Meaningful error messages are good. Period. A lot of software badly sucks at this point. They throw "an error happened" or show a strange behaviour, but they don't say, that they cannot open a file because of missing access rights. I stress in application guidelines for java software, that every exception is getting caught and at least logged at an warning loglevel. This mechanism offers the possibility to increase the loglevel from the usual "ERROR" to something like "INFO" if we're debugging an issue.
Recently we had the issue that the partition for logs went full and the logging stopped. Then we cleaned up a little bit but there still was no logging. The only solution was to restart the application.
Today I wanted to reproduce this issue using
a little test program. I dug out my java programming experience and wrote a little programm which should constantly try to write to a file until the filesystem is full. After having freed up some space on the filesystem this programm should proceed writing.

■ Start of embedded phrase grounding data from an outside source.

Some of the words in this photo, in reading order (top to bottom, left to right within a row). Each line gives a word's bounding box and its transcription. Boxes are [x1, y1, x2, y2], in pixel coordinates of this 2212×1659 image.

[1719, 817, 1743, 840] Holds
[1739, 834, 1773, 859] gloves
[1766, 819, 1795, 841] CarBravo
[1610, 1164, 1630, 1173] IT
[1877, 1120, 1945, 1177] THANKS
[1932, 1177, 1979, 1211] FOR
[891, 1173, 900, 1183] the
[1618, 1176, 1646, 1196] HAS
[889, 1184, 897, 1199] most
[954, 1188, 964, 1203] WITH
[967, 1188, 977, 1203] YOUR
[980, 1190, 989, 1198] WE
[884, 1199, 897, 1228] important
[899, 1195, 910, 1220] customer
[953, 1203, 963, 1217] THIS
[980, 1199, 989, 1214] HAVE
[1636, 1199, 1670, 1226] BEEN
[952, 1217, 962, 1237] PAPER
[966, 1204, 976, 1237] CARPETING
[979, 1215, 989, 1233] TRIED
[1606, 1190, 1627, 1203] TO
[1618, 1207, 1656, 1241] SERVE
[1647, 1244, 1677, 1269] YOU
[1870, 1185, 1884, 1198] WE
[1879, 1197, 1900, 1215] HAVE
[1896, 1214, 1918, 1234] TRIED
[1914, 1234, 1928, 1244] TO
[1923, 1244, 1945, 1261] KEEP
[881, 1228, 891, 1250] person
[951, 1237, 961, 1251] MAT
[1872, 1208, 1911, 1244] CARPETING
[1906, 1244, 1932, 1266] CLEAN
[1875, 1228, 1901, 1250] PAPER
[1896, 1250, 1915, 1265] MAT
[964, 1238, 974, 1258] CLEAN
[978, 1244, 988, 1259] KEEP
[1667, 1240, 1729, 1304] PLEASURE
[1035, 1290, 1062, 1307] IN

But instead of checking this issue I found a totally different problem:
I used the
example code showed on the Java documentation:
PrintWriter out
= new PrintWriter(new BufferedWriter(new FileWriter("foo.out")));
Hm, no exception is getting thrown even when the filesystem, but strace shows that this programm gets an -ENOSPACE. Very strange. Looking up
the documentation of PrintWriter revealed, that after every call we have to call the method checkError to find out if we hit the wall. And all methods (write, flush, etc) don't have a return type to indicate an error, of course. Why do we have a concept like exceptions?
Rewritting the application to omitt the use of this PrintWriter class proved that these exception are thrown, but the PrintWriter has been designed by an really bad C programmer just to catch all exceptions and to have a single "there has been an error" flag.
Good old errno ...
Ok, PrintWriter is getting blacklisted. Why is such crap still contained in java?